A Simple Search Engine
The CGI (“common gateway interface”) standard was originally designed to allow users to run programs via the Web, which would otherwise be available only on the server. Thus, the first CGI programs were simple interfaces to grep and finger, which received their inputs from an HTML form and sent the HTML-formatted output to the user's browser.
CGI programs, and server-side programs in general, have become more sophisticated since then. However, one application is as useful now as it was in the past: the ability to search through a web site for documents containing a particular word or string.
While search sites (now called “portals”) make it possible to browse through a large collection of pages spread out over a number of servers, the CGI programs handling the search have an easier job. They have to go through files only on the local server, producing a list of URLs matching the user's request.
This month, we will look at how to implement several different types of search programs. While these programs might not compete successfully with ht://Dig and Webglimpse, they do offer some insight into how these sorts of programs work, and the trade-offs programmers must make when writing such software.
Perl has long been my favorite language for writing server-side programs. This is in no small part due to its strong text-handling capabilities. Perl comes with a rich regular-expression language that makes it easy to find one piece of text inside another.
For example, the following one-line program prints any line of test.txt containing the word “foo”:
perl -ne 'print if m/foo/' test.txt
The -n switch tells Perl not to print lines by default, and the -e switch allows us to insert a program between the single quotes ('). We instruct Perl to print any line in which the m// (match) operator finds the search string. We can accomplish the same thing inside of a program, as shown in Listing 1.
Of course, the above program searches for a single pattern (the string “foo”) inside of a single file (test.txt). We can generalize the program more by using an empty <>, rather than iterating over <FILE>. An empty <> iterates through each element of @ARGV (the array containing command-line arguments), assigning each one in turn to the scalar $ARGV. If there are no command-line arguments, then <> expects to receive input from the user. Listing 2 is a revised version of the above program, which searches through multiple files for the string “foo”. Notice how this version of the program prints the file name as well as the matching line. Since $_ already contains a newline character, we need not put one at the end of the print statement. Listing 2 could be rewritten in a single line of Perl with the following:
perl -ne 'print "$ARGV: $_" if m/foo/;' *
Finally, we can make our simple search a bit more sophisticated by allowing the user to name the pattern, as well as the files.
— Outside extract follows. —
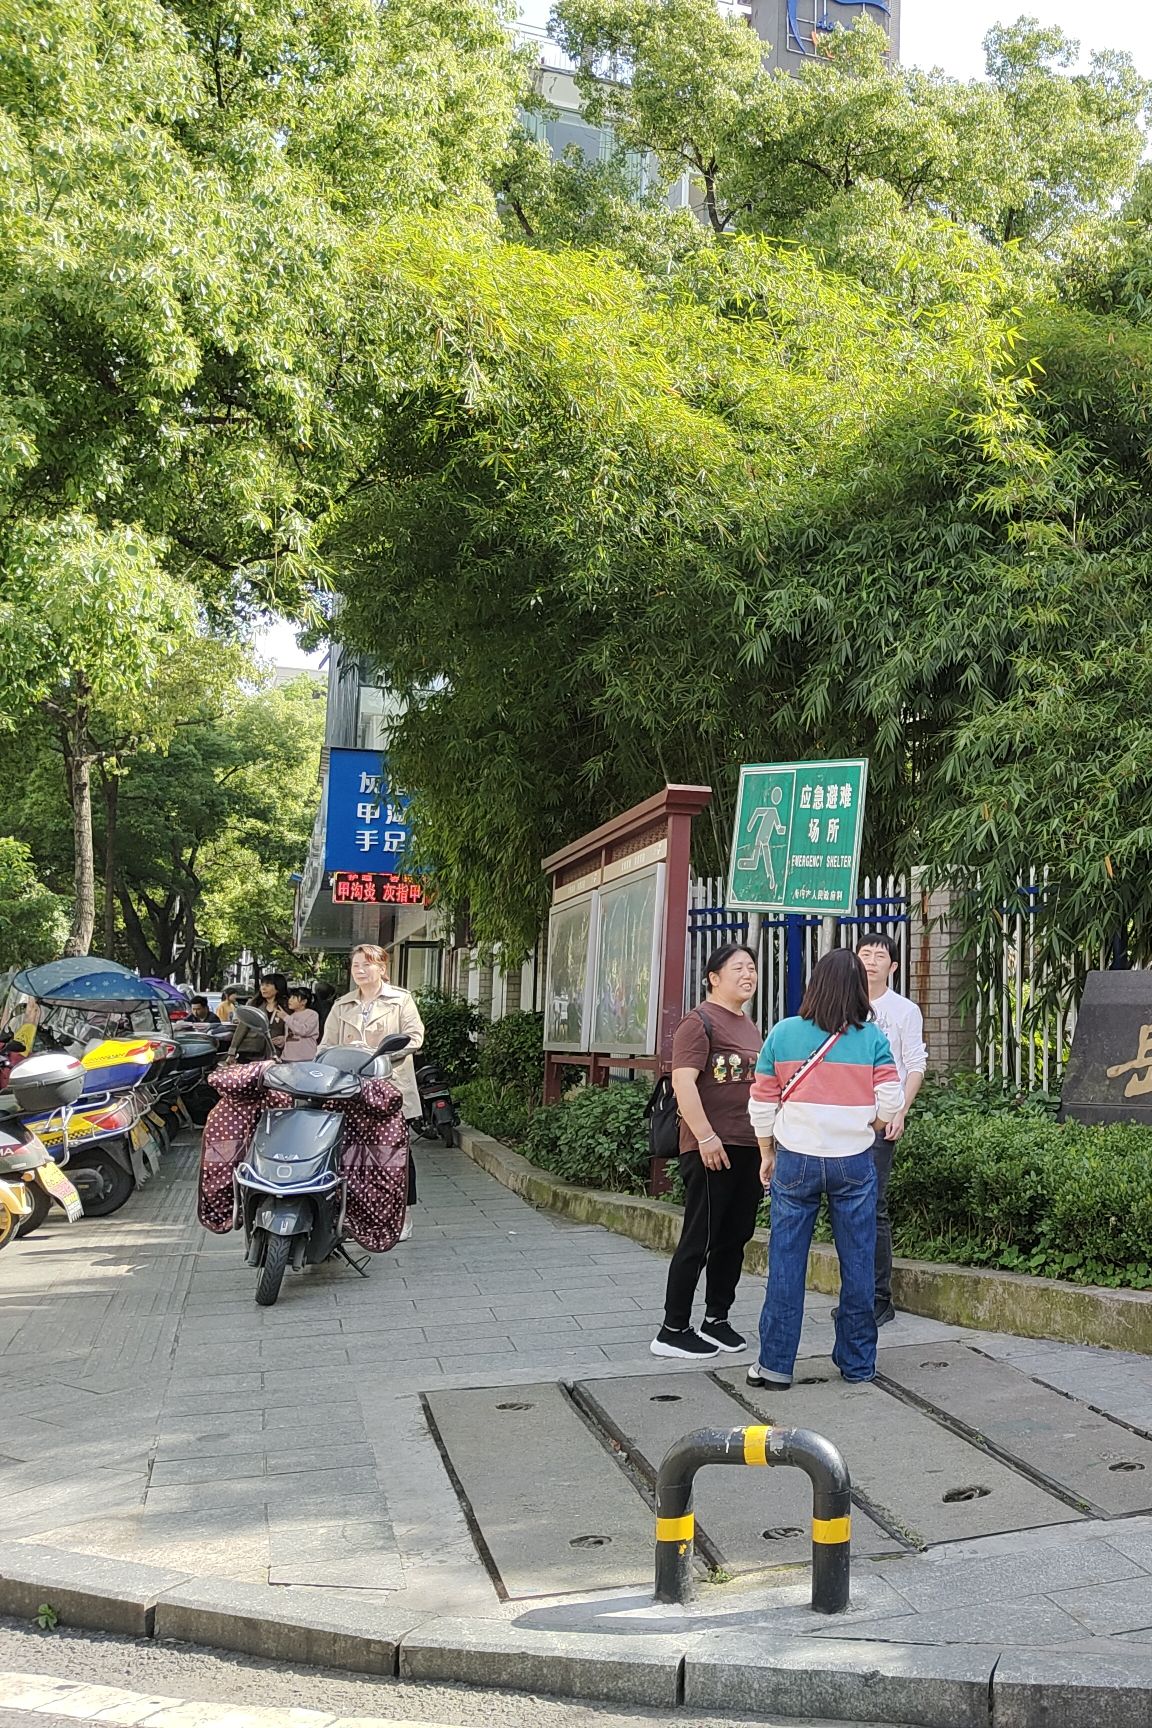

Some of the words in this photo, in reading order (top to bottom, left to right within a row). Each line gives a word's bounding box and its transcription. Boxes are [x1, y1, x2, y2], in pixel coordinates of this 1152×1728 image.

Listing 3 takes the first command-line argument, removing it from @ARGV and putting it in $pattern. To tell Perl that $pattern will not change, and that it should compile the search pattern only a single time, we use m// with the /o option.
Thus, to search for the pattern f.[aeiou] in all of the files with a “txt” extension, we would use:
./simple-search-3.pl "f.[aeiou]" *.txt
Sure enough, every line containing an f, followed by any character, followed by a vowel is printed on the screen, preceded by a file name.
The above would be a good skeleton for our web-based search if all documents on a web site were stored in a single directory. However, the opposite is normally the case: most web sites put files in a number of different directories. A good search program must traverse the entire web hierarchy, searching through each file in each directory.
While we could certainly accomplish this ourselves, someone has already done it for us. File::Find, a package which comes with Perl, makes it possible to create a find-like program using Perl. File::Find exports the find subroutine, which takes a list of arguments. The first argument is a subroutine reference invoked once for each file encountered. The remaining arguments should be directory and file names, which File::Find will read in sequence until it gets to the end.
For example, Listing 4 is a short program that uses File::Find to print all of the file names in a particular directory. As you can see, File::Find exports the variable $File::Find::name which contains the current file name as well as the find subroutine. The current directory is stored in $File::Find::dir.
Listing 5 contains a version of simple-find-2.pl, which uses File::Find to search through all of the files under a given directory tree. As with many programs that use File::Find, the bulk of simple-find-2.pl is spent inside of find_matches, a subroutine called once for every file encountered under the directories passed in @ARGV. To find all files containing the pattern “f.[aeiou]” in directories under /home and /development, type:
./simple-find-2.pl "f.[aeiou]" /home /development
Line 11 of simple-find-2.pl is particularly important, in that it undefines $/, the variable that determines the end-of-line character. Normally, Perl's <> operator iterates through a file line by line, returning undef when the end is reached. However, we want to search across an entire file, since a pattern might have to extend across lines. By undefining $/, the line
my $contents = (<FILE>);puts the entire contents of the file handle FILE inside of $contents, rather than just one line.